| Problem to solve |
In the records below, locate the line containing "this 1920×1280 image.", then extract it and all following lines exactly, ending with the last line.

| Records to process |
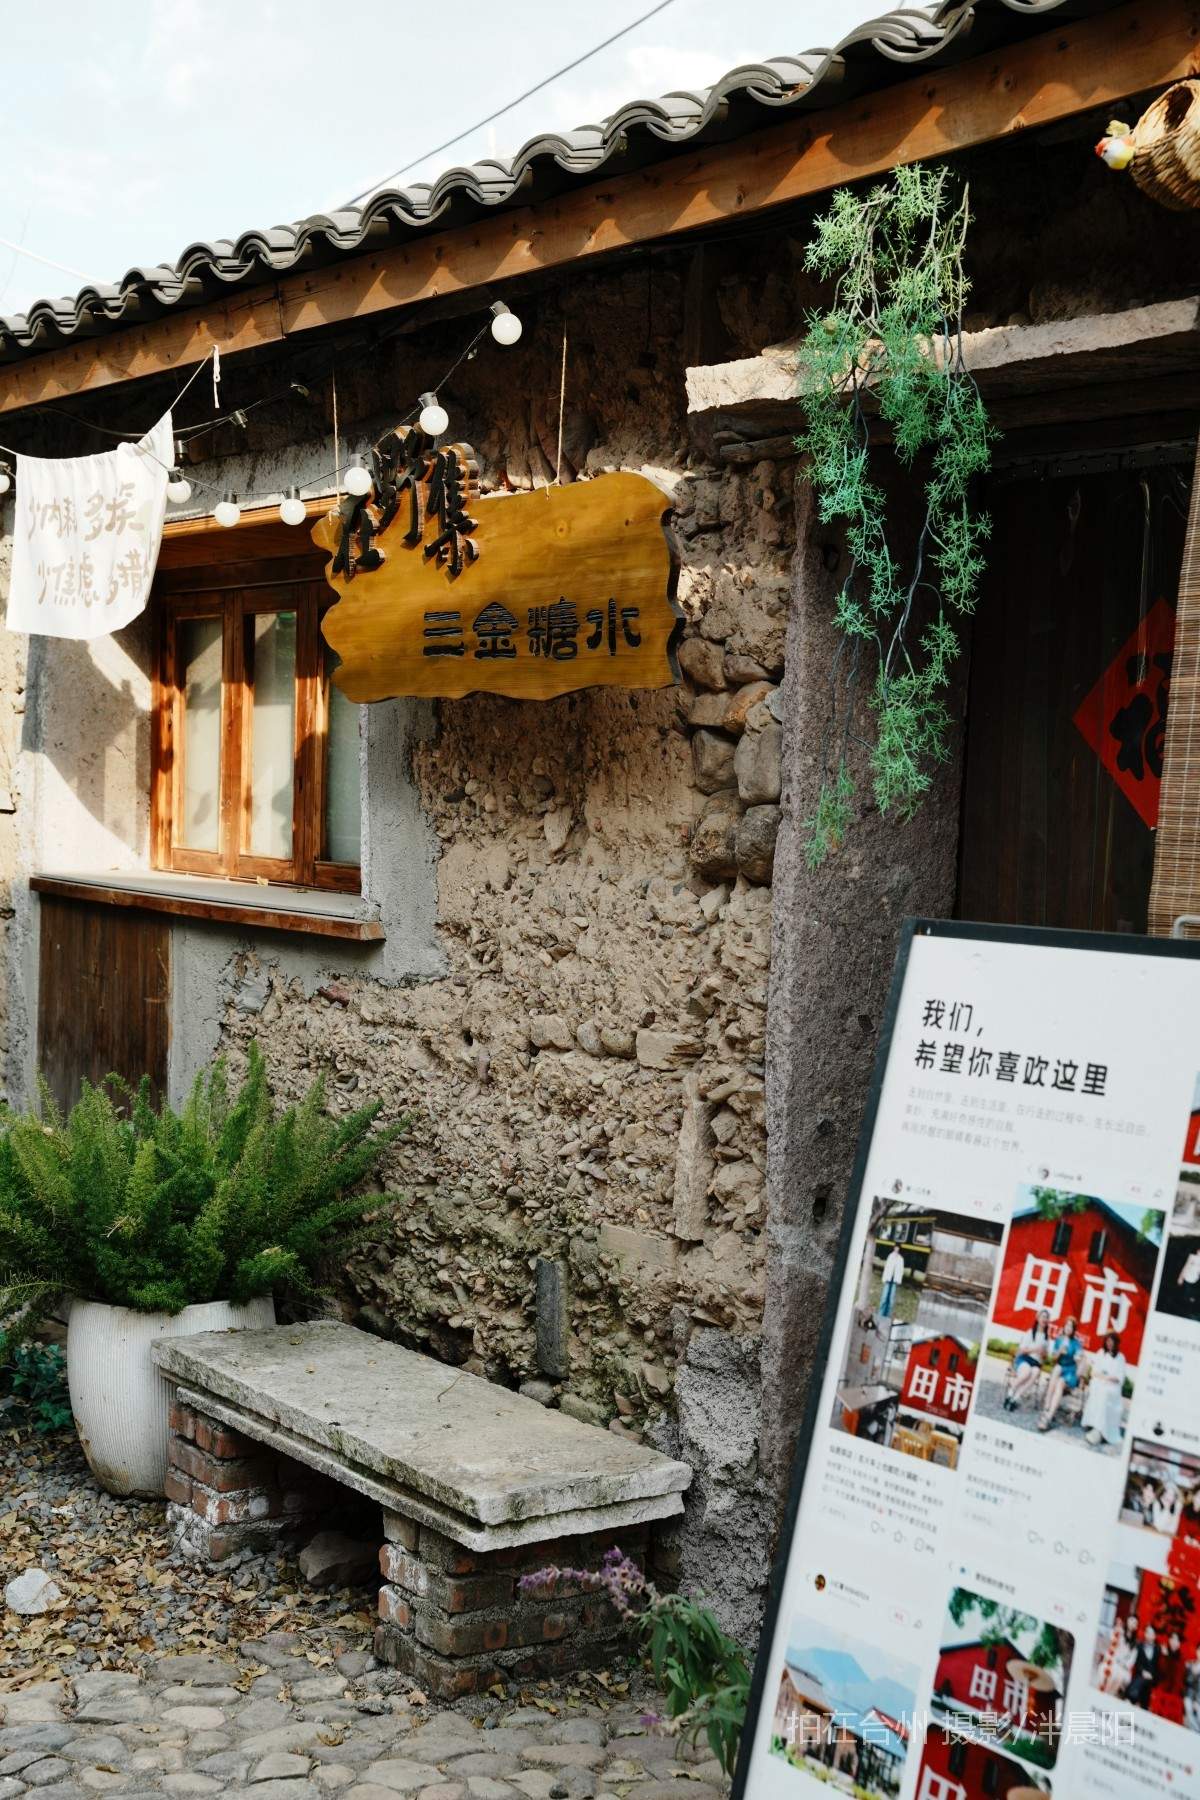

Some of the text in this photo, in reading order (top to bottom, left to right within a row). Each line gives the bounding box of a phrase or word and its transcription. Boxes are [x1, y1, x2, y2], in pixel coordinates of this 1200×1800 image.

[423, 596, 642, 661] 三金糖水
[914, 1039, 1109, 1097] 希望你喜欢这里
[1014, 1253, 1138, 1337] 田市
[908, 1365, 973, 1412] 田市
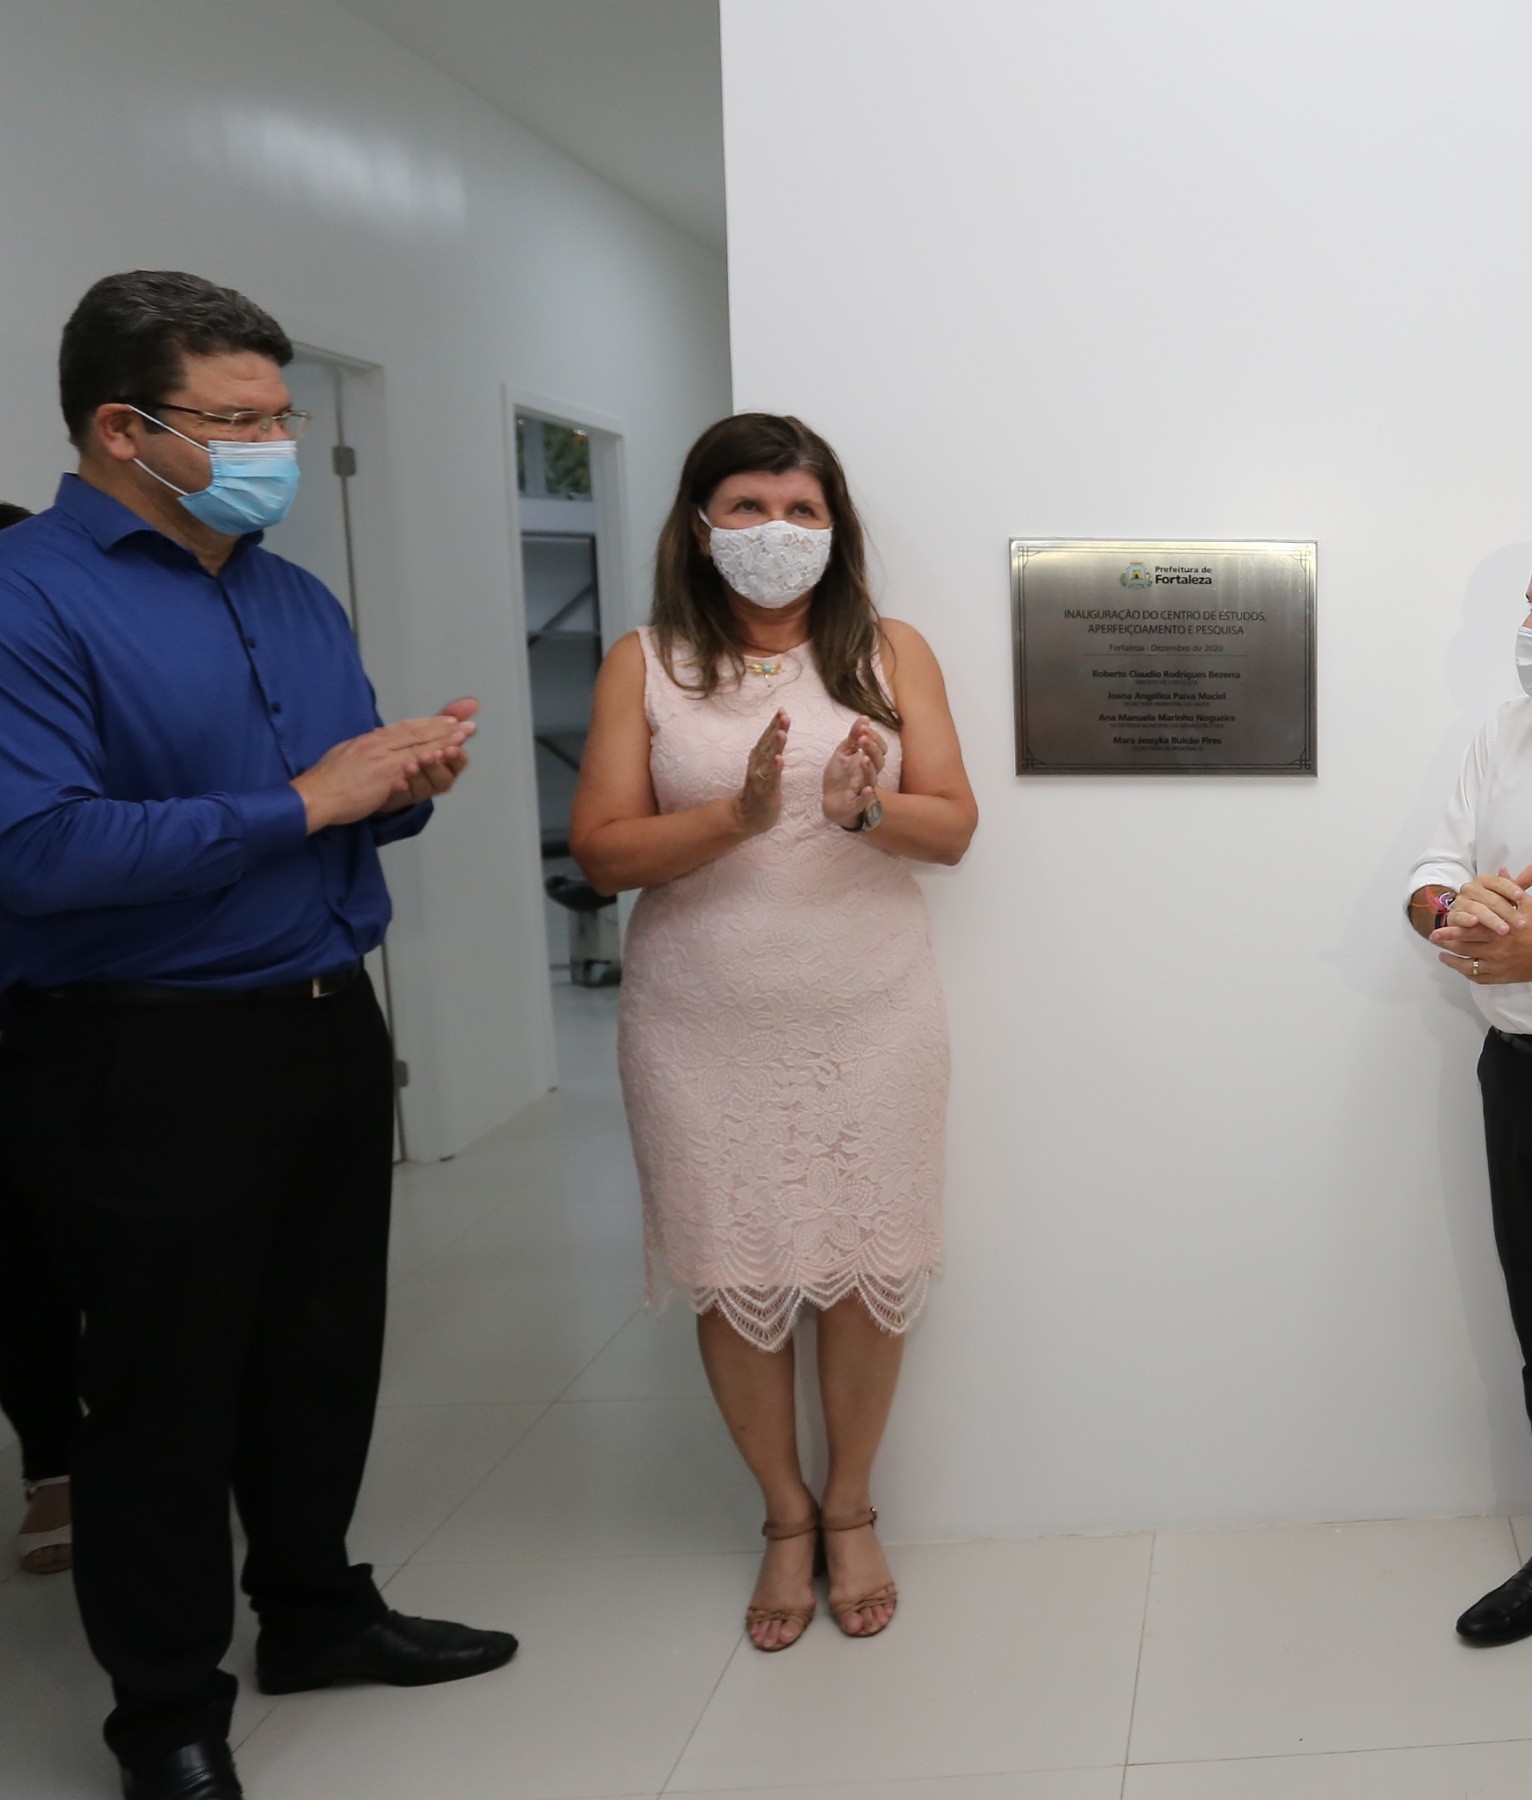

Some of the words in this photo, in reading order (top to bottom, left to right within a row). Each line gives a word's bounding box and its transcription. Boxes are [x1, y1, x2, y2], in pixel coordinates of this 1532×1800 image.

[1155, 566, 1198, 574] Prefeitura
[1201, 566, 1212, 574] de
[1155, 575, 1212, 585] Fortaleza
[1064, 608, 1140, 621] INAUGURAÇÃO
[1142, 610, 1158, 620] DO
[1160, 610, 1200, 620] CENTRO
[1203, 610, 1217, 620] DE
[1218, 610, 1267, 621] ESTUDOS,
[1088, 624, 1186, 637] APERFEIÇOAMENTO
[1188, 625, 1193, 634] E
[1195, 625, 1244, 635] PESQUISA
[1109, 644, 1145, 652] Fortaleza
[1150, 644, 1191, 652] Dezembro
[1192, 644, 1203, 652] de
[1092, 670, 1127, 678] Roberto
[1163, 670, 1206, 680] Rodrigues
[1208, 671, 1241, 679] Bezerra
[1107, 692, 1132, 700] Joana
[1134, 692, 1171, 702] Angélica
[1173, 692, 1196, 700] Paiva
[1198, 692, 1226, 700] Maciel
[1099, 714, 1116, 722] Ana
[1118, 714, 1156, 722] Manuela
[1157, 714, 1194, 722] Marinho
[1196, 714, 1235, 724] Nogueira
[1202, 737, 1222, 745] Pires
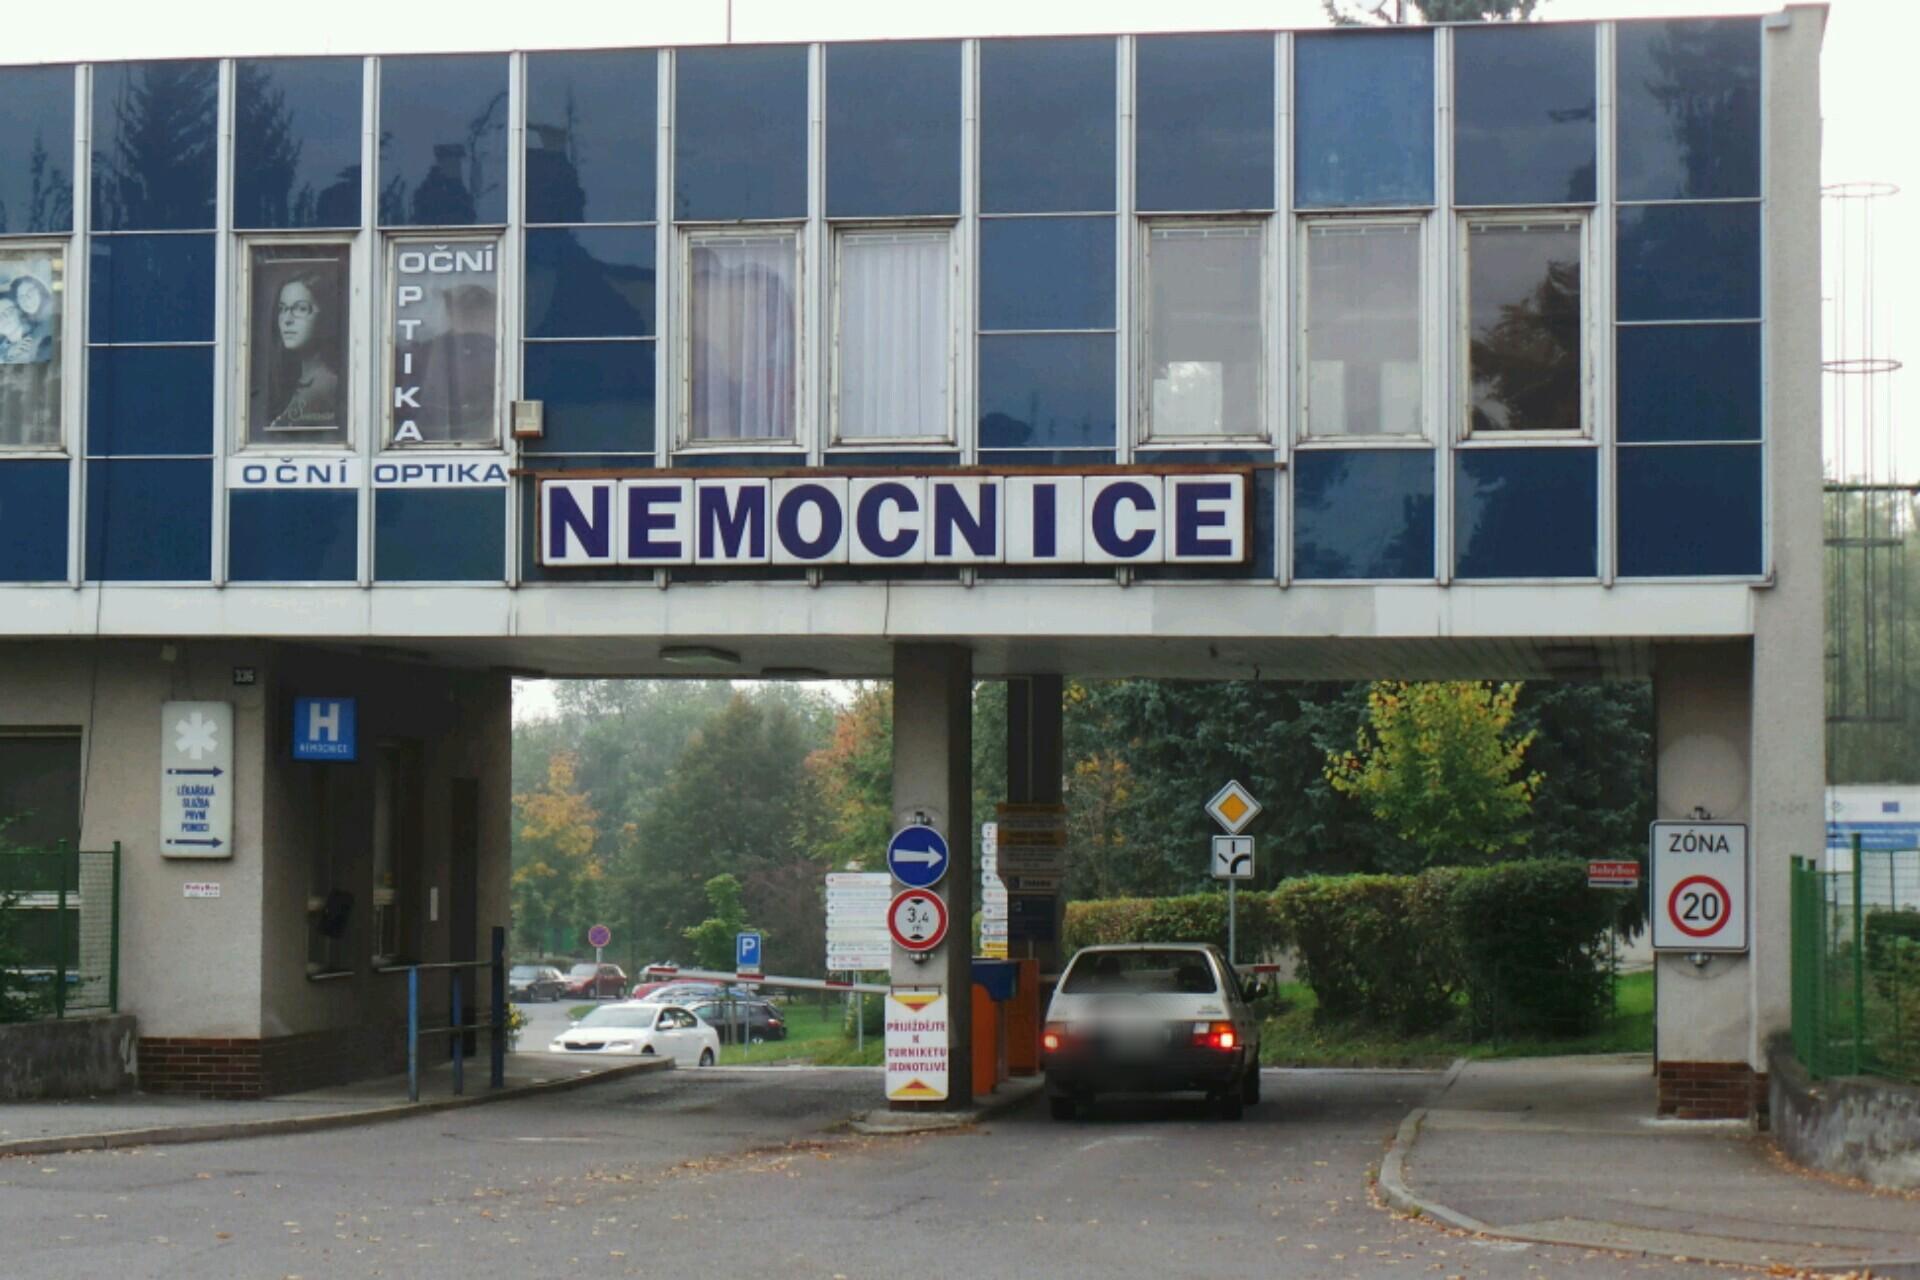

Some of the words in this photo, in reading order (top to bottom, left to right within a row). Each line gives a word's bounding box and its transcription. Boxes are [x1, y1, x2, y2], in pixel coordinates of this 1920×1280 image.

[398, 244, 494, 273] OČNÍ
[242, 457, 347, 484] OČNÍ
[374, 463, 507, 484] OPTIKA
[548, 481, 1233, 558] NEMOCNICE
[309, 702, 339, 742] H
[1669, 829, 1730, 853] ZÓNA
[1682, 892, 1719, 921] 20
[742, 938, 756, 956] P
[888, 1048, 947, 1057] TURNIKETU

| Exercise output |
Some of the words in this photo, in reading order (top to bottom, left to right within a row). Each line gives a word's bounding box and its transcription. Boxes are [x1, y1, x2, y2], in pixel coordinates of this 1920×1280 image.

[398, 244, 494, 273] OČNÍ
[242, 457, 347, 484] OČNÍ
[374, 463, 507, 484] OPTIKA
[548, 481, 1233, 558] NEMOCNICE
[309, 702, 339, 742] H
[1669, 829, 1730, 853] ZÓNA
[1682, 892, 1719, 921] 20
[742, 938, 756, 956] P
[888, 1048, 947, 1057] TURNIKETU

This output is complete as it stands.